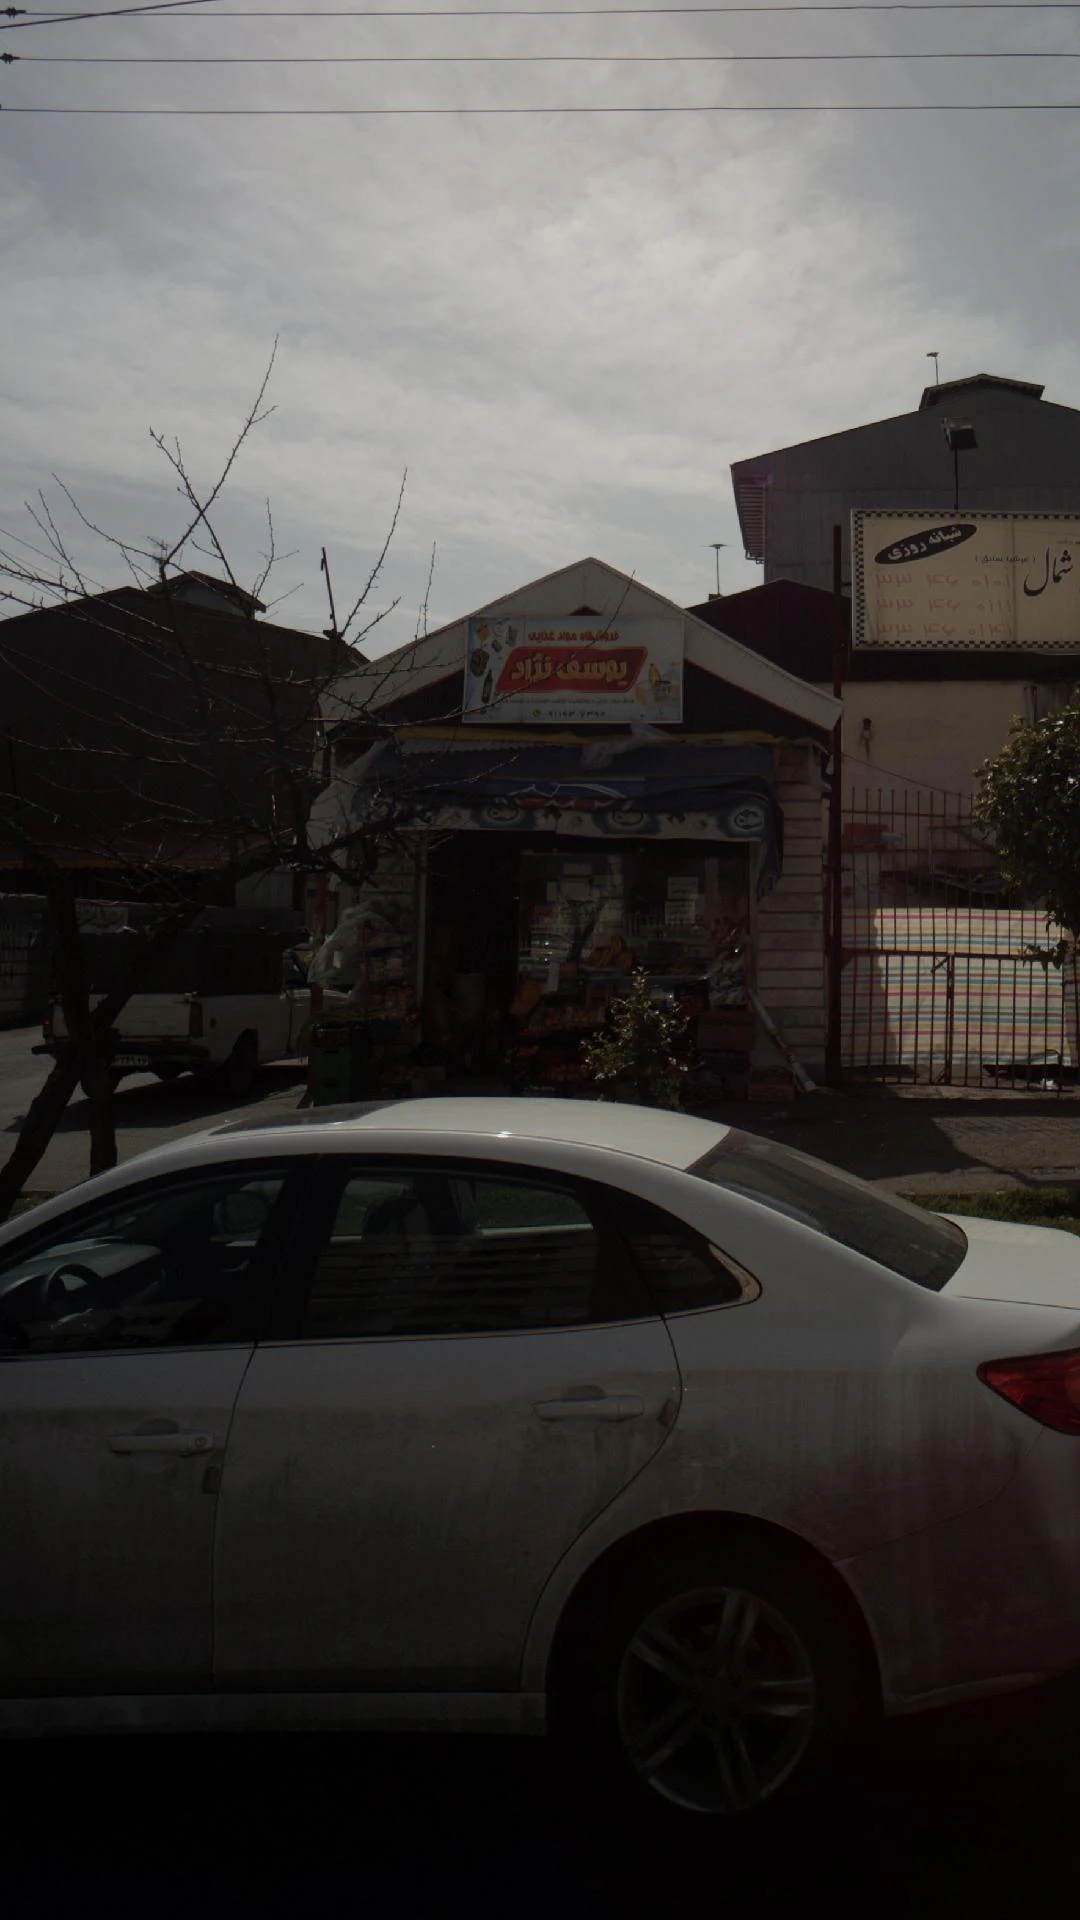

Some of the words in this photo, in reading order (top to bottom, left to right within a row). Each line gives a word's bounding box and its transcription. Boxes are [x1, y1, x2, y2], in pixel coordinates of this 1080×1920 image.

[928, 526, 962, 544] شبانه
[887, 541, 927, 560] روزی
[1023, 546, 1074, 597] شمال
[528, 631, 555, 643] غذایی
[557, 631, 577, 642] مواد
[580, 631, 619, 641] فروشگاه
[510, 652, 552, 682] نژاد
[555, 653, 627, 687] یوسف
○ ○ ○ ○ ○
Aim of the exercise: What is needed is an exact printout of every record above, with the pictures left out.

Response to this task:
Some of the words in this photo, in reading order (top to bottom, left to right within a row). Each line gives a word's bounding box and its transcription. Boxes are [x1, y1, x2, y2], in pixel coordinates of this 1080×1920 image.

[928, 526, 962, 544] شبانه
[887, 541, 927, 560] روزی
[1023, 546, 1074, 597] شمال
[528, 631, 555, 643] غذایی
[557, 631, 577, 642] مواد
[580, 631, 619, 641] فروشگاه
[510, 652, 552, 682] نژاد
[555, 653, 627, 687] یوسف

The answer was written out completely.